[WHAT IS EXPECTED]
Let the output be exactly the lines from the one containing "Some of the text" through the end of the records below, both included.

[SUPPLIED ENTRIES]
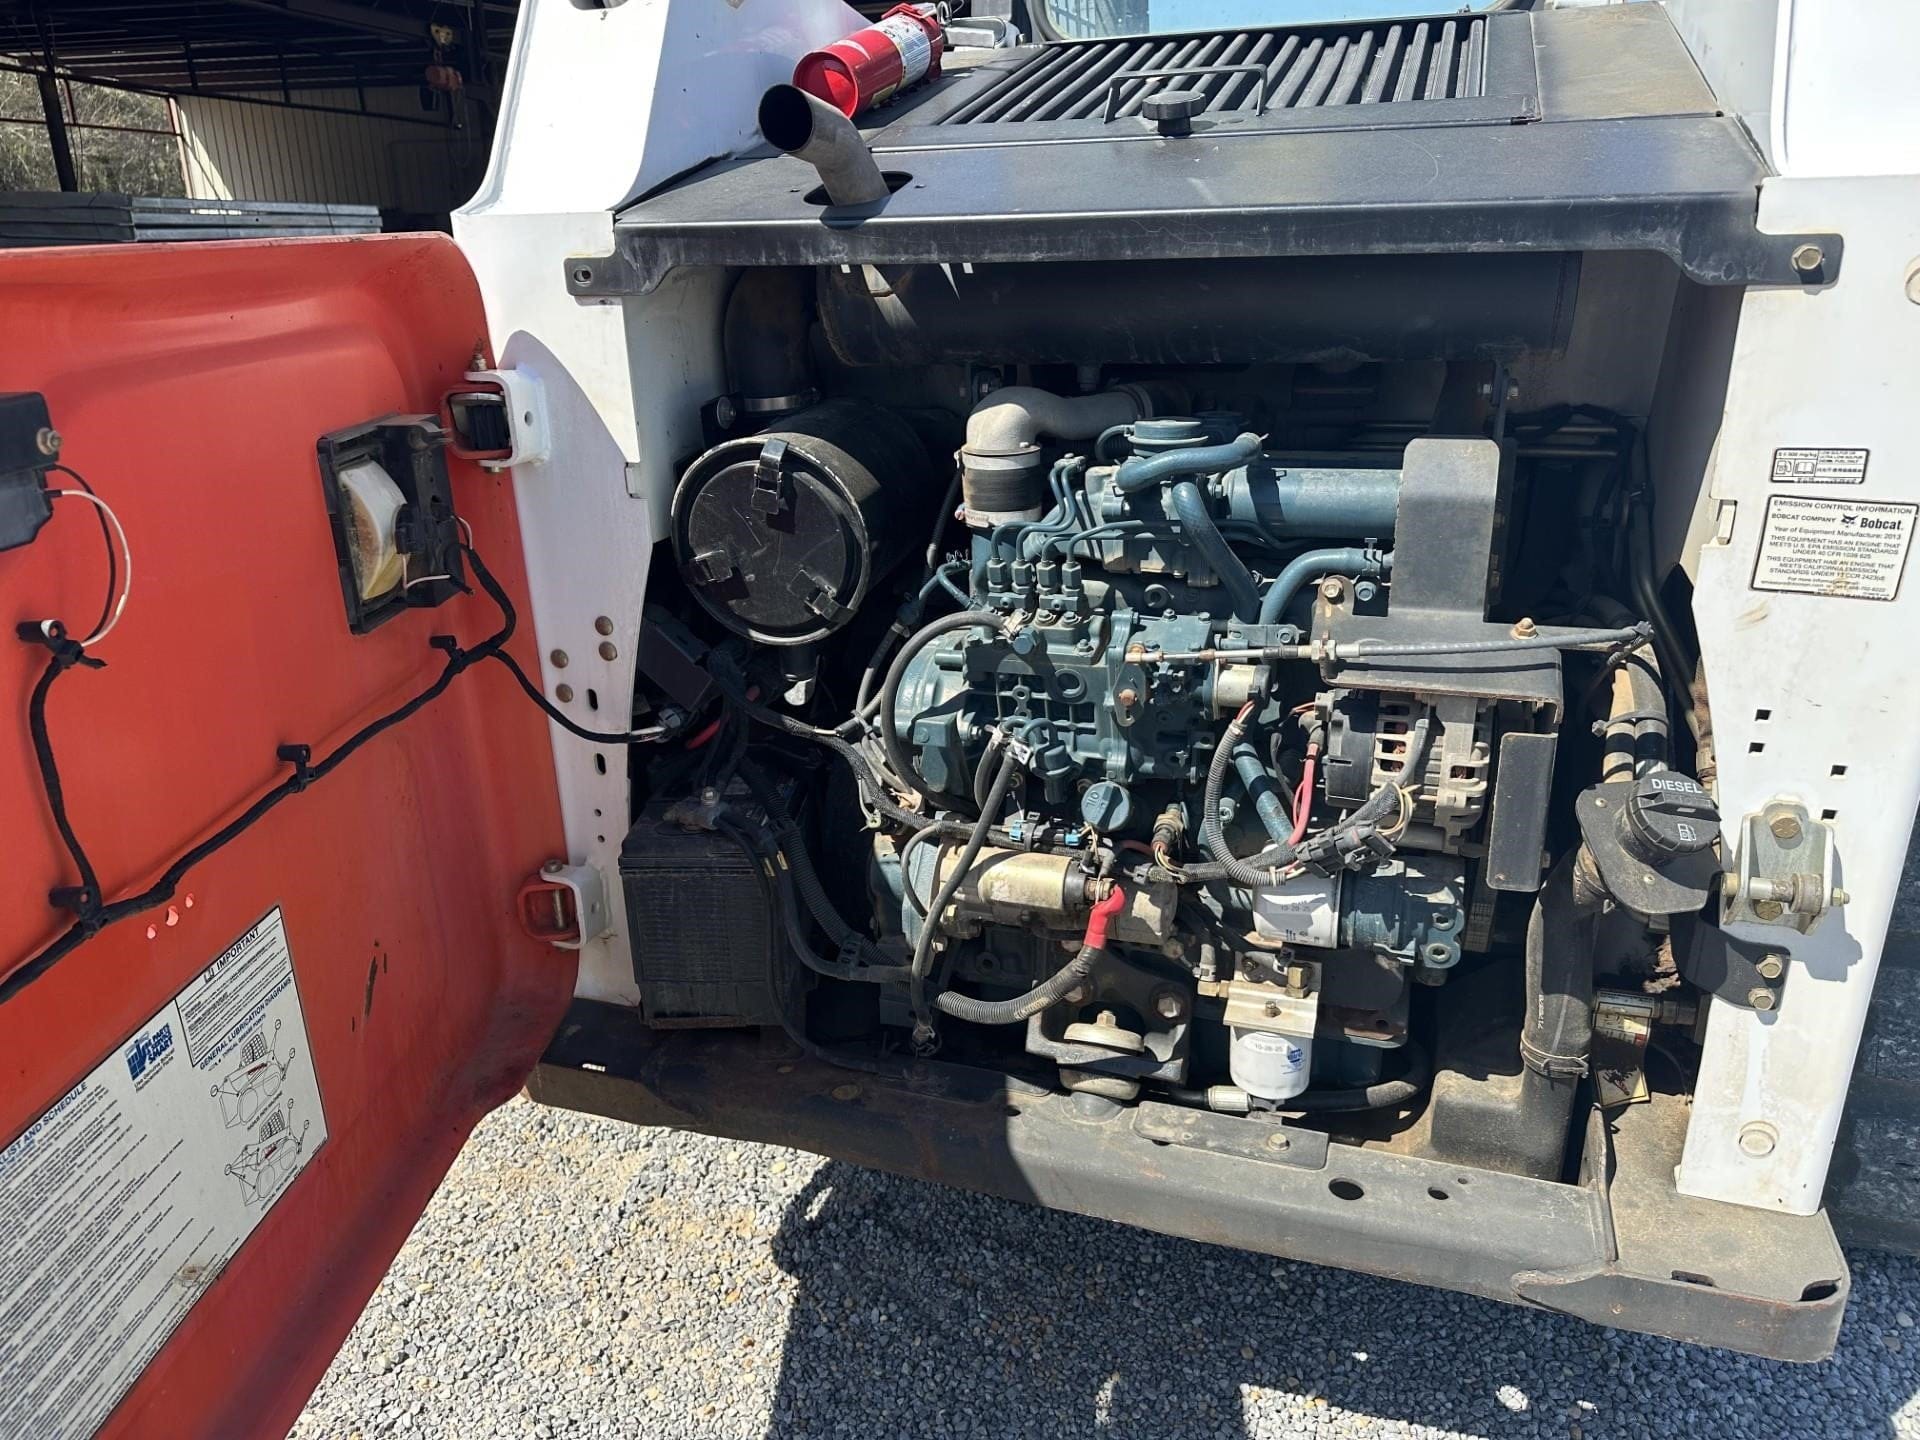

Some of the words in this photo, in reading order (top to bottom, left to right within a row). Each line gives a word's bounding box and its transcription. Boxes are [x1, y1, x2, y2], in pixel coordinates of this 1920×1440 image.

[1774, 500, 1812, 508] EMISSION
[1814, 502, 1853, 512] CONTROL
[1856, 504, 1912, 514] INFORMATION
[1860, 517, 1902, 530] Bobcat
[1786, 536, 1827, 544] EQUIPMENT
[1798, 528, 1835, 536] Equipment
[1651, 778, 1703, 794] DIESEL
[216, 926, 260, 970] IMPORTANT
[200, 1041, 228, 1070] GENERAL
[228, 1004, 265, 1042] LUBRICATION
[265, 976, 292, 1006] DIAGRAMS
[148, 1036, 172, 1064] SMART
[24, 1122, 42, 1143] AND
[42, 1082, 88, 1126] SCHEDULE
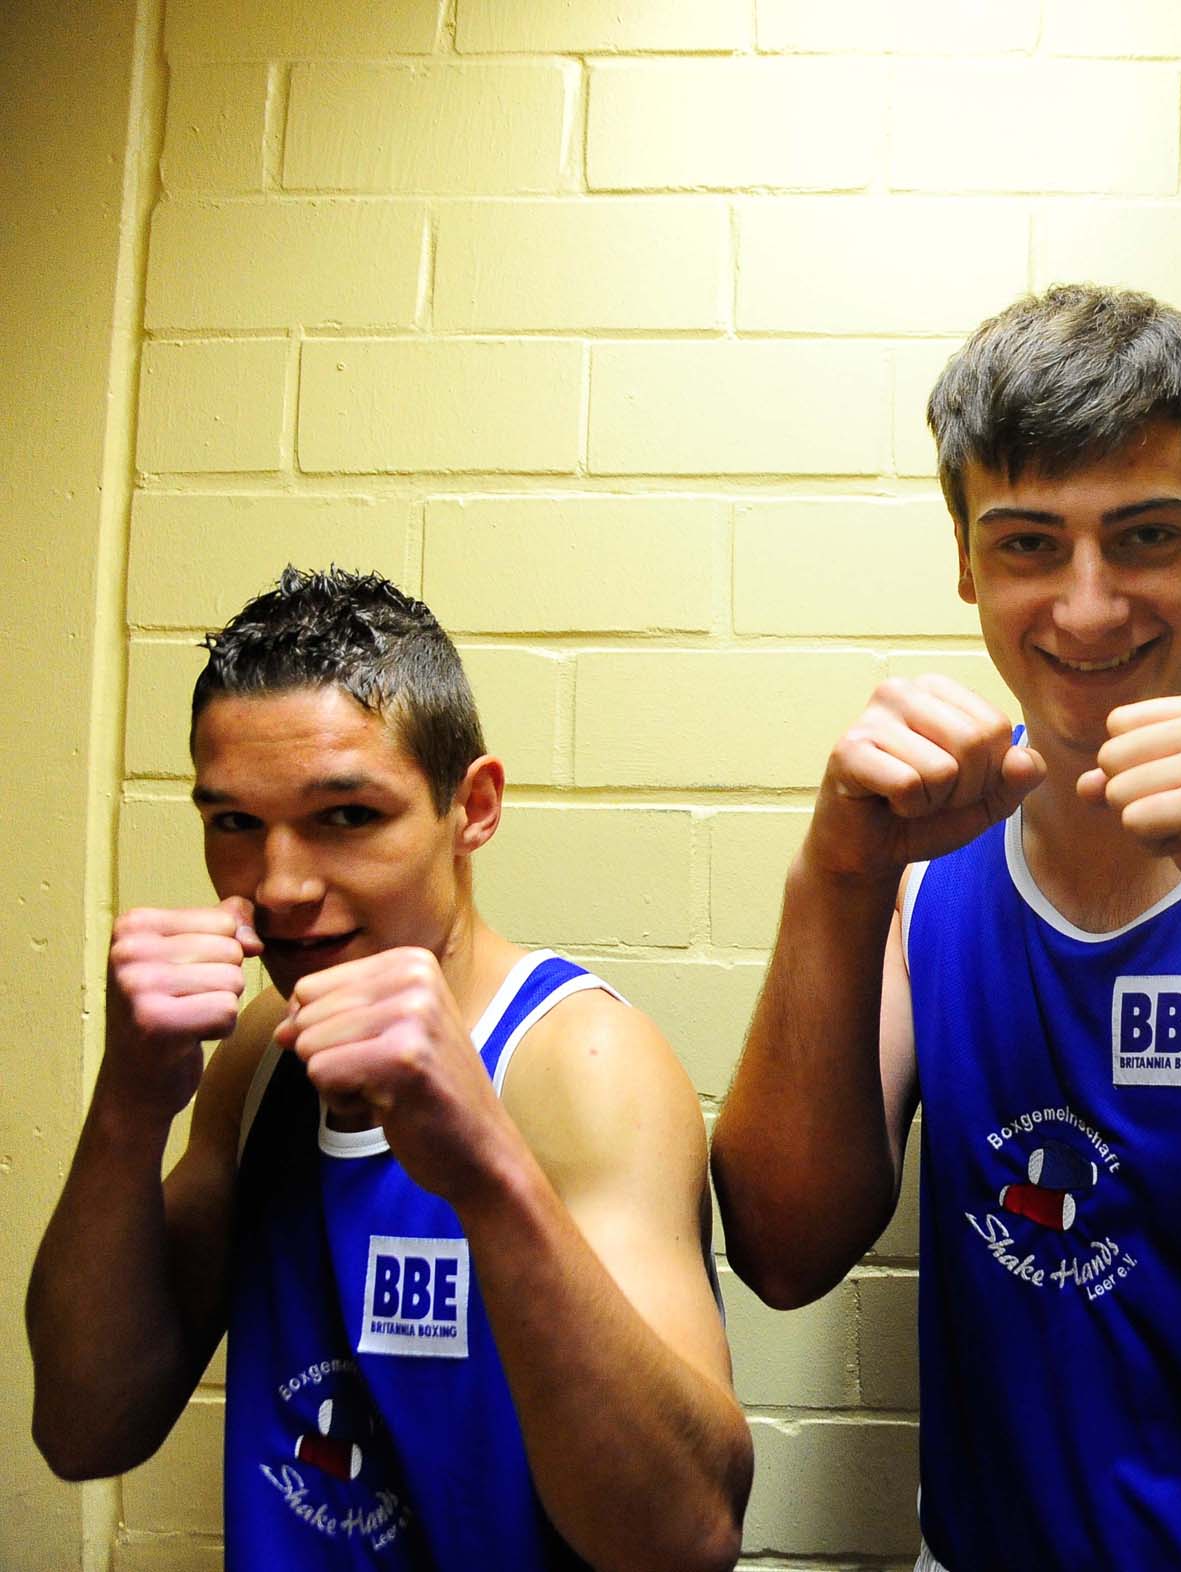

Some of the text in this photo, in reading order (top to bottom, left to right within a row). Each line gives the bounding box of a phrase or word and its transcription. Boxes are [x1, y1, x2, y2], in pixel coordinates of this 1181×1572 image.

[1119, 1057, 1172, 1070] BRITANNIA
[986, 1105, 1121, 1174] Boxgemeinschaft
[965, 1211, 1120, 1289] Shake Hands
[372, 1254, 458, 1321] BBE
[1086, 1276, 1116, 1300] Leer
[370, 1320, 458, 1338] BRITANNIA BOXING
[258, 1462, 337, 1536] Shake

[EXERCISE ANSWER]
Some of the text in this photo, in reading order (top to bottom, left to right within a row). Each line gives the bounding box of a phrase or word and its transcription. Boxes are [x1, y1, x2, y2], in pixel coordinates of this 1181×1572 image.

[1119, 1057, 1172, 1070] BRITANNIA
[986, 1105, 1121, 1174] Boxgemeinschaft
[965, 1211, 1120, 1289] Shake Hands
[372, 1254, 458, 1321] BBE
[1086, 1276, 1116, 1300] Leer
[370, 1320, 458, 1338] BRITANNIA BOXING
[258, 1462, 337, 1536] Shake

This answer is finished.